A Day in the Life of the Virtual Care Unit

Bringing advanced medical care home calls for a combination of in-person and virtual care, since caregivers cannot be physically present with patients 24/7 the same way they are in a facility. To help ensure safe care delivery, programs like Contessa’s suite of Comprehensive Care at Home services require a defined strategy for virtual care practices. 

To address this, Contessa’s Virtual Care Unit (VCU) operates remotely 24/7/365 to support patients’ needs while they are enrolled in our programs. With the support of remote patient monitoring (RPM) and in-person visits from Acute Care Registered Nurses (ACRNs), the VCU staff helps maintain cohesive care for patients receiving care in their homes. 

While it’s also possible to create a VCU by enlisting vendor support, Contessa has found that developing an in-house team allows for flexibility in adjusting to the needs of patients and partners, while specializing in targeted approaches for each line of care we deliver. Let’s take a closer look at a day in the life of the VCU, and what makes it invaluable to Contessa’s care at home models. 

What is the Virtual Care Unit and why is it unique? 

Our VCU is comprised of specially trained nurses and ancillary staff who work in “pods” dedicated to the individual care needs of the patient population they serve. This specialized approach to virtual care means that each service line in Contessa’s Comprehensive Care at Home model has appropriate virtual support.  

We also work with our individual hospital partners to structure VCU services and workflow around their structure and staffing needs. And, as new actionable information becomes available about the best clinical workflows to implement, we are able to quickly adapt and integrate those changes within the VCU since it is an integral part of Contessa’s care and not managed externally. 

One of Contessa’s core features in both the high-acuity (hospital at home) and post-acute (skilled nursing at home) models is that patients are enrolled in an episode of care that includes either a 30 or 60-day monitoring phase, depending on the program and patient eligibility. This allows ongoing care coordination and close follow-up for an extended period, helping to support better patient outcomes and fewer return hospitalizations. The VCU plays a key role in following these patients and managing their care during these monitoring phases. 

The backbone of the Virtual Care Unit: remote patient monitoring 

Remote patient monitoring is a vital connection between patients’ homes and the VCU when there is not an ACRN present in the home. Patients are given all the necessary equipment and instructions needed to record vital signs such as weight, temperature, blood pressure, oxygen saturation and other data which the VCU staff then monitor and review for any concerns. 

If the patient misses a check-in, the VCU staff will contact them by phone to ensure that they are continuing to do well and to obtain the necessary data. If abnormal vital signs are noted, the VCU can respond to ensure continued appropriate patient care. 

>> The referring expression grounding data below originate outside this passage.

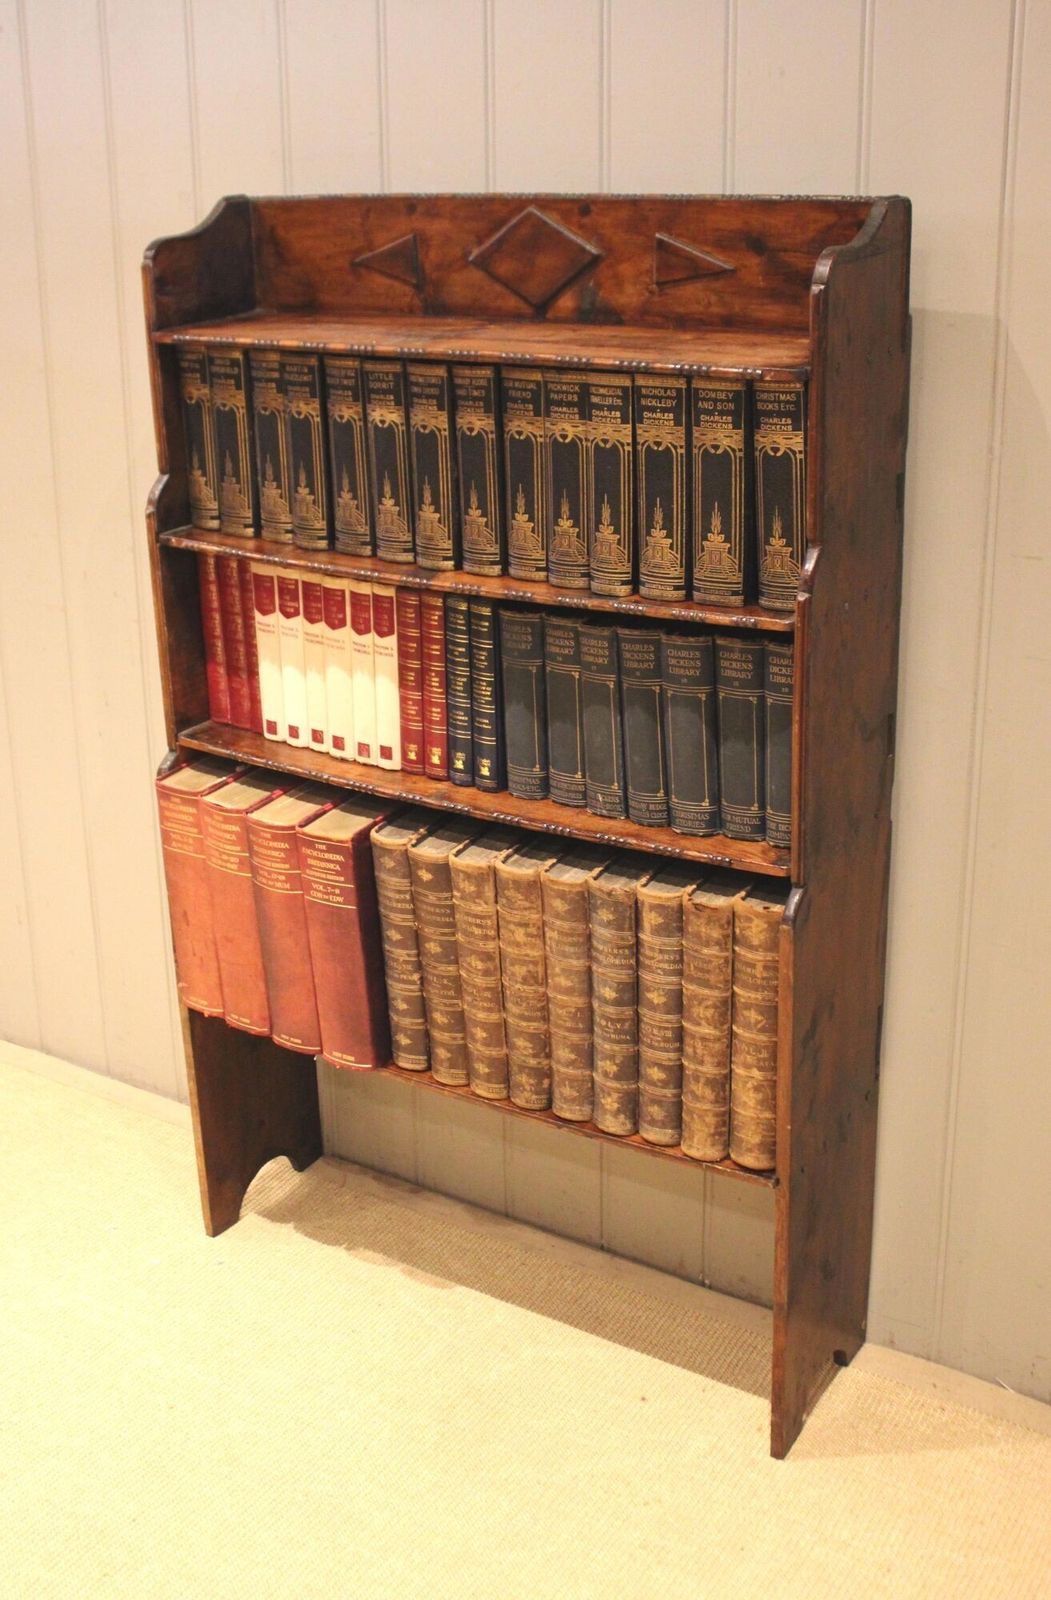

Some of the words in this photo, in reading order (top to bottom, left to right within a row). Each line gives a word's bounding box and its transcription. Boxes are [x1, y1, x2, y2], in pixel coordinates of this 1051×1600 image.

[368, 372, 394, 381] LITTLE
[368, 381, 394, 390] DORRIT
[547, 382, 580, 393] PICKWICK
[508, 389, 532, 399] FRIEND
[550, 392, 578, 402] PAPERS
[641, 388, 677, 397] NICHOLAS
[698, 389, 734, 400] DOMBEY
[755, 391, 797, 401] CHRISTMAS
[640, 397, 677, 407] NICKLEBY
[698, 400, 714, 410] AND
[716, 401, 735, 410] SON
[756, 402, 779, 411] BOOKS
[550, 405, 578, 413] CHARLES
[592, 409, 621, 418] CHARLES
[550, 412, 579, 420] DICKENS
[592, 416, 621, 424] DICKENS
[643, 411, 674, 420] CHARLES
[700, 414, 732, 423] CHARLES
[760, 416, 792, 425] CHARLES
[643, 419, 675, 427] DICKENS
[700, 421, 733, 429] DICKENS
[760, 423, 793, 431] DICKENS
[667, 649, 700, 659] CHARLES
[719, 650, 752, 661] CHARLES
[668, 658, 701, 668] DICKENS
[720, 660, 753, 670] DICKENS
[769, 656, 793, 665] CHARL
[669, 666, 701, 677] LIBRARY
[721, 668, 753, 680] LIBRARY
[770, 666, 793, 676] DICKE
[770, 674, 794, 684] LIBRA
[673, 810, 710, 820] CHRISTMAS
[733, 814, 762, 825] MUTUAL
[726, 823, 752, 833] FRIEND
[315, 843, 327, 851] THE
[311, 882, 326, 892] VOL.
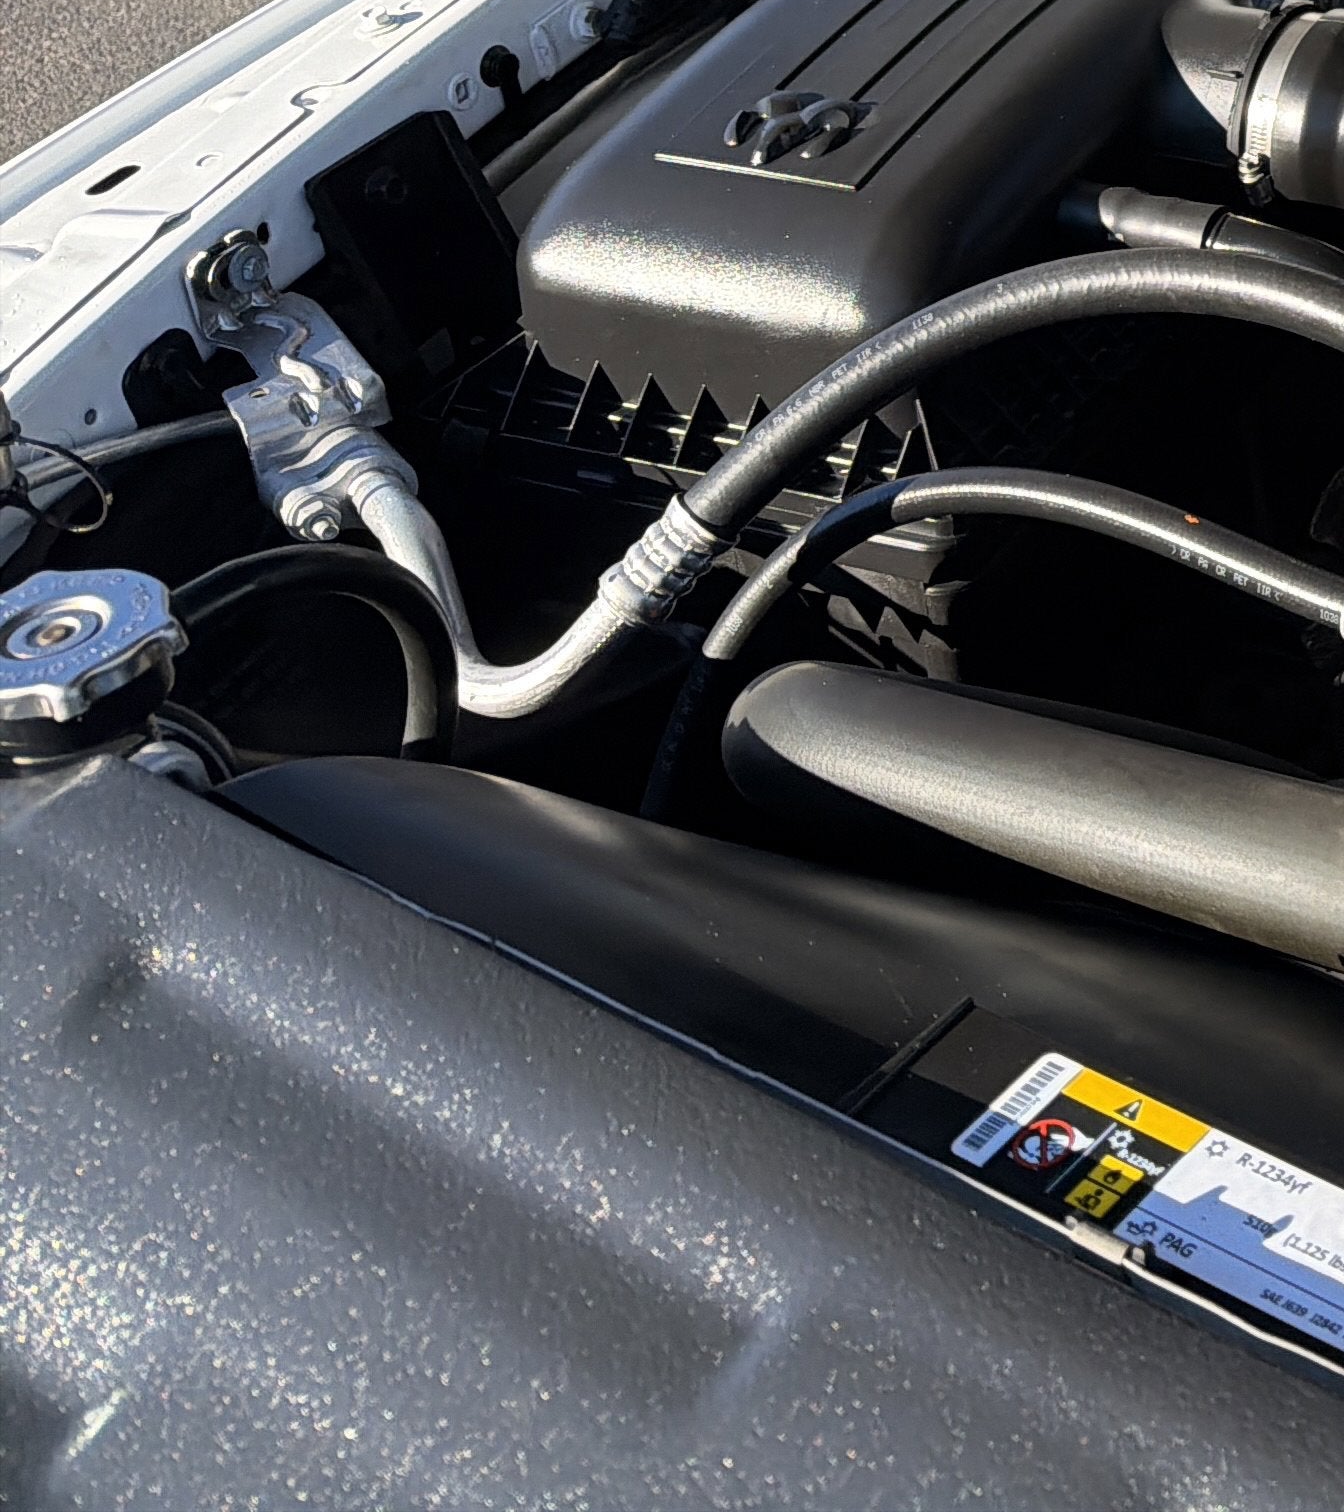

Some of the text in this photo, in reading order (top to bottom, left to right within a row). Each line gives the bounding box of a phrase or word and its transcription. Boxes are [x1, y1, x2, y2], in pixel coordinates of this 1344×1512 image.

[1233, 573, 1249, 587] PET
[1235, 1151, 1314, 1196] R-1234yf
[1158, 1231, 1198, 1258] PAG
[1259, 1289, 1284, 1306] SAE

Roles and responsibilities of the VCU staff

The VCU itself is comprised of registered nurses called Recovery Care Coordinators (RCCs), and non-licensed personnel called Recovery Partners (RPs). All staff members work remotely from home. Typical responsibilities of each role include: 

  • RCCs round via telehealth with providers, assess patients remotely, triage patient needs if there is a change in vital signs or a patient calls in with a concern, and assist with case management when appropriate. 
  • RPs help with administrative duties like scheduling follow-up appointments, sending referrals for durable medical equipment (DME), coordinating ancillary services like physical therapy, radiology testing and more. 

Job duties are also dependent on the shift worked; during the day, routine care coordination and telehealth visit support are part of the workflow. At night, a nocturnal VCU team receives patient updates from visiting daytime ACRNS at the end of the day shift so they can manage after-hours care needs effectively. They also manage inbound calls and monitor for any patient changes. 

Additionally, because Contessa works with multiple hospital systems, although RCCs have a primary hospital assignment, they are also cross trained in other markets to ensure coverage is always available across all hospital systems. 

How the VCU is making a difference in the lives of patients 

Thanks to the 24/7 support of the VCU, patients can receive care at home with the confidence of knowing their care team is only a phone call away if any questions or concerns should arise. This specialized virtual care interacts with advanced RPM to ensure high-quality patient outcomes that are equal to or better than care in a brick-and-mortar facility, paving the way for continued growth of these models of care that help patients stay where they prefer to be— at home. 

Meet Our Expert

Annie Walker, MSN, APRN, FNP-BC, Senior Director of Care Management

Annie serves as Contessa’s Senior Director of Care Management. In her role, she provides senior clinical oversight to the Virtual Care Unit (VCU), collaborating with market providers and senior leadership. She also focuses on clinical management and quality outcomes for the VCU and strategy for its clinical growth and scalability. Annie first began working as an ICU nurse in Pittsburgh before moving to Nashville where she attended Belmont University to obtain her master's degree as a nurse practitioner. Prior to joining Contessa, Annie practiced as a hospitalist nurse practitioner providing inpatient care at a local hospital.